FrightFest 2013 Review: Haunter

by Martyn Conterio on 27/08/2013

haunter

Director Vincenzo Natali is primarily known for dark and inventive sci-fi fare. His latest feature, Haunter, is curiously lighter in touch and tone, but it does share a link to the metaphysical and surrealist aspects of his little-seen 2003 picture, Nothing, and the claustrophobic scenario of Cube (1997).

Abigail Breslin stars as Lisa, a teenager about to hit sixteen and going through the daily routines and rituals of family life. The domestic ordinariness is beguiling, however, because something isn’t quite right. Haunter might appear to boast a satirical setup (each day feels exactly the same in the suburbs) but it soon edges away from such an overly comic proposition as a murder mystery is revealed that Lisa – guided by rebellious insistence and despite warning – is compelled to solve.

Natali’s latest is a supernatural drama told from a dead teenager’s point of view. Lisa must force her parents – through acts of defiance – to pay attention to what is happening in their lives. It’s a comic subversion of everyday teenage travails. On first look, one could level a charge at Haunter for seeming a tad unadventurous – all from a director who has earned his credentials from portrayals of the dark and disturbing. But Haunter is very much in keeping with the Canadian auteur’s thematic preoccupations with architectural space and puzzles fused to paranoid/nightmare narratives. It’s just been given a more appealing mainstream gloss.

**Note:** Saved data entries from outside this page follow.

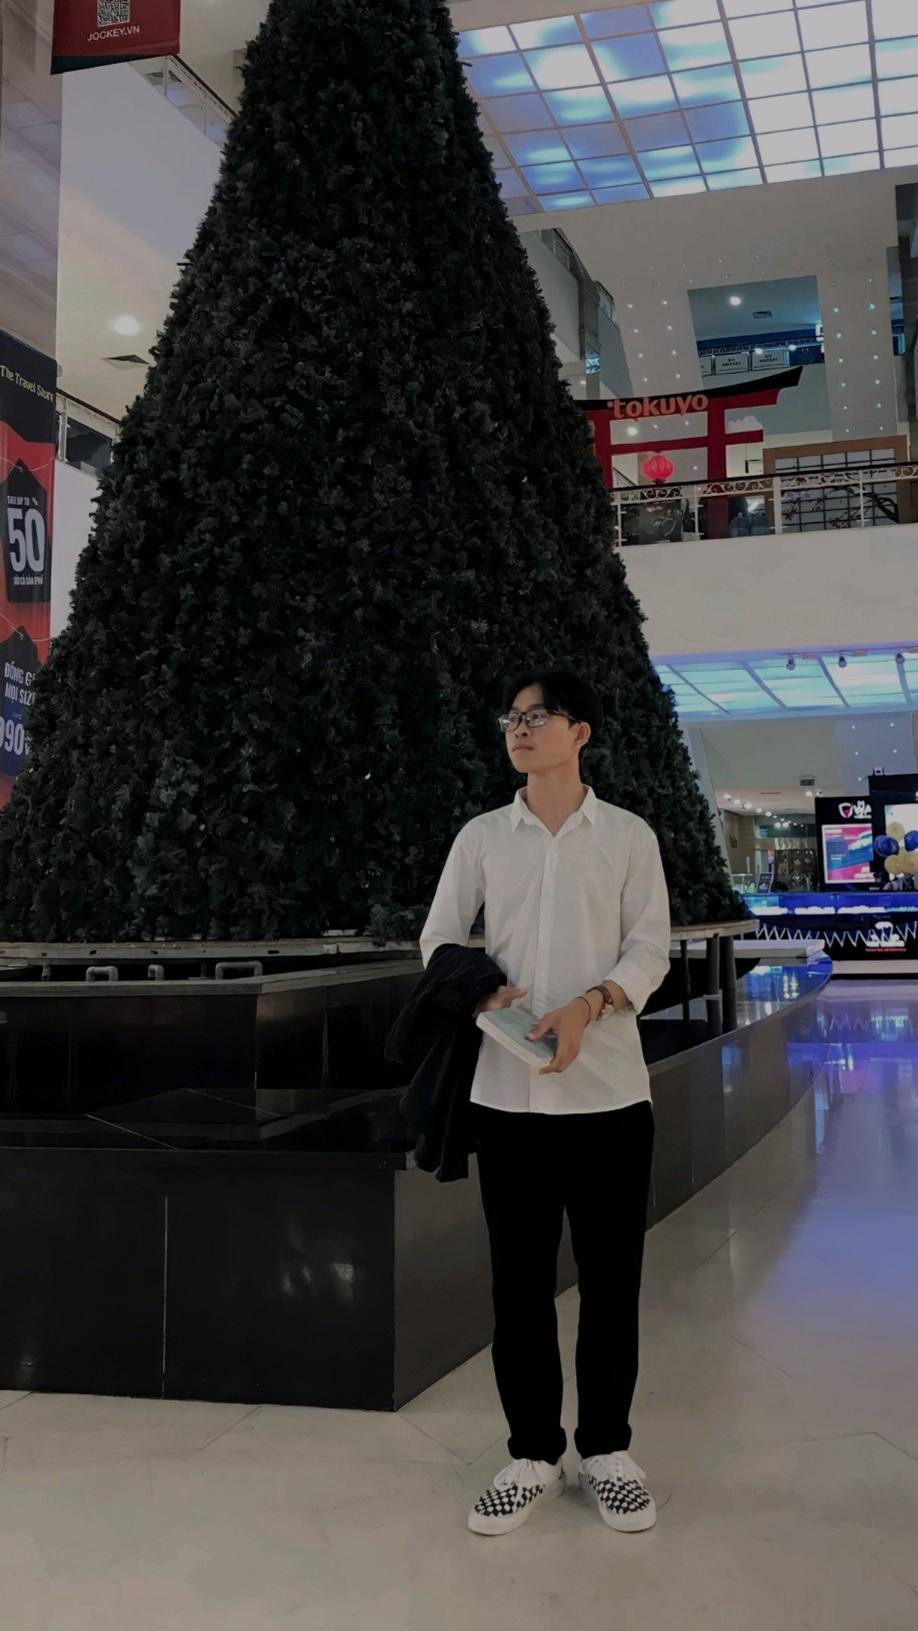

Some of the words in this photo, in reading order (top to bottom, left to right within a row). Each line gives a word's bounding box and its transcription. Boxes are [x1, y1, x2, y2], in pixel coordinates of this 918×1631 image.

[87, 25, 140, 41] JOCKEY.VN
[0, 364, 15, 381] The
[15, 372, 36, 393] Travel
[612, 393, 709, 419] tokuyo
[7, 508, 45, 572] 50

Breslin is fantastic as the plucky ghost-girl, who must act to save her family from the bullying designs of wicked entity – known as The Pale Man – played with creepy relish by Stephen McHattie. Natali has fun, too, with the multi-layered approach to the world of ghosts and planes of existence that allows Lisa to experience different time periods and the lives of others within the house.

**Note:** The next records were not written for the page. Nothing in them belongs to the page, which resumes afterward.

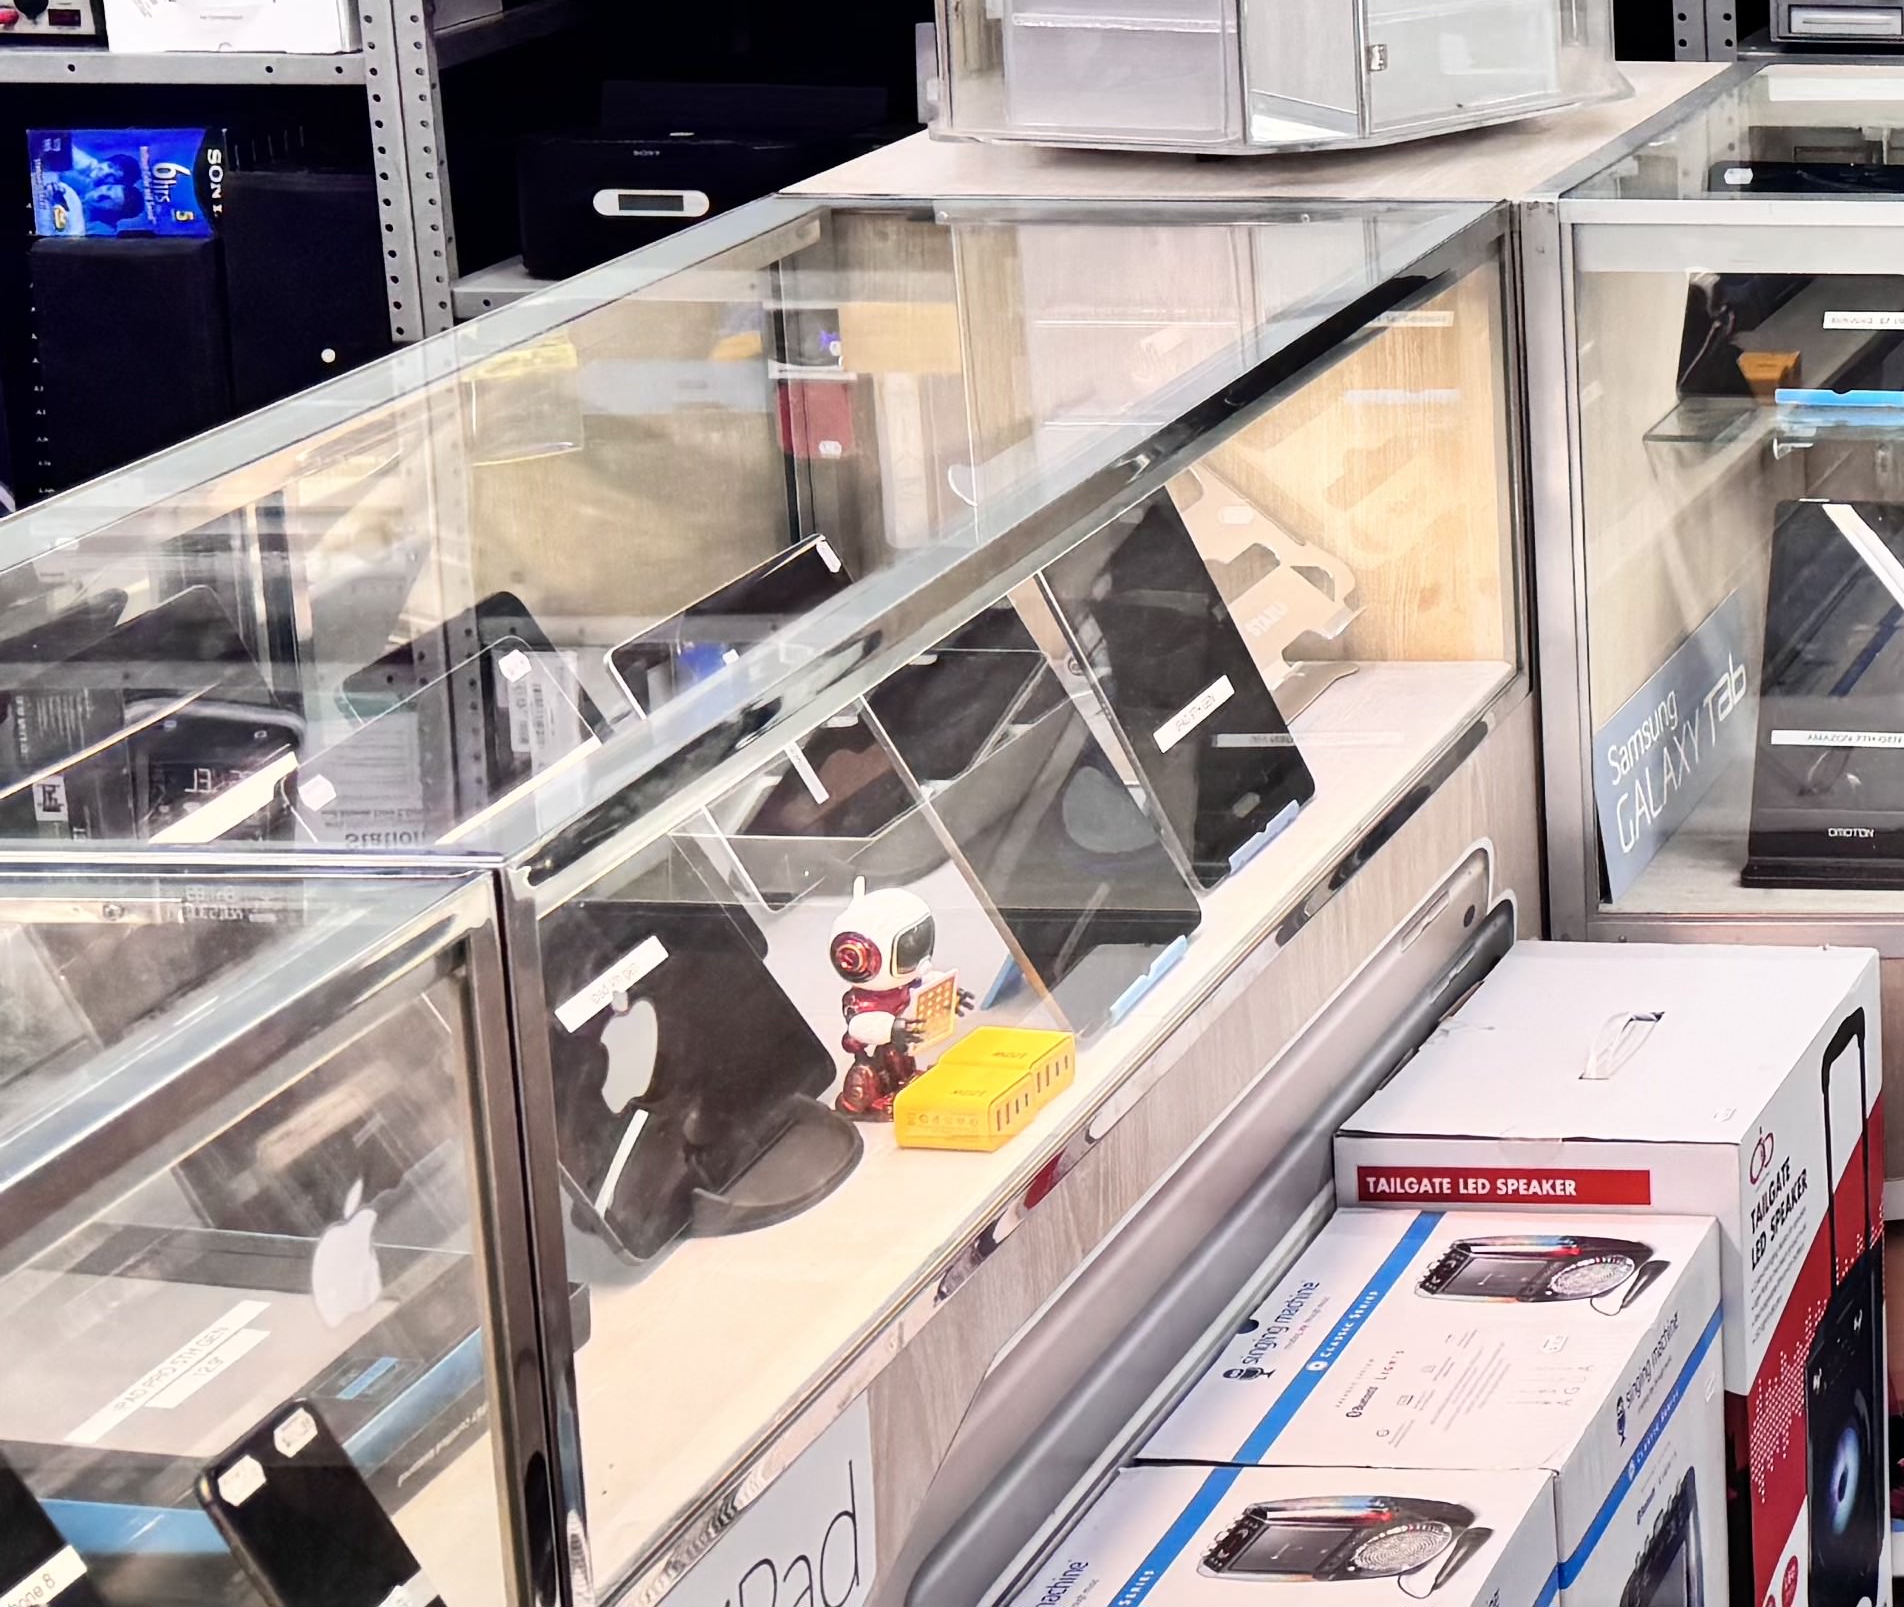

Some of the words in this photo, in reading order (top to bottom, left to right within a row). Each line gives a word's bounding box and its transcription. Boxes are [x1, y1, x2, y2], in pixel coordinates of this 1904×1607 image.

[1607, 687, 1679, 785] Samsung
[1615, 705, 1702, 854] GALAXY
[1702, 651, 1747, 746] Tab
[1827, 827, 1875, 839] OMOTON
[1365, 1176, 1452, 1196] TAILGATE
[1457, 1176, 1491, 1196] LED
[1495, 1176, 1577, 1197] SPEAKER
[1749, 1154, 1792, 1235] TAILGATE
[1750, 1233, 1769, 1271] LED
[1769, 1167, 1809, 1240] SPEAKER
[1240, 1315, 1282, 1366] singing
[1278, 1279, 1321, 1320] machine
[1319, 1316, 1356, 1359] CLASSIC
[1349, 1289, 1378, 1325] SERIES
[1624, 1360, 1652, 1410] singing
[1648, 1309, 1681, 1365] machine

The film’s problems derive from Brian King’s screenplay that purloins, rather liberally, from other horror titles – Beetlejuice and The Others will immediately spring to mind. And the ending’s sentiment is very treacly when considering the subversive angles and elements found elsewhere, particularly in the first act. Yet Haunter is an effective paranormal thriller and a work that fits neatly enough into Natali’s oeuvre.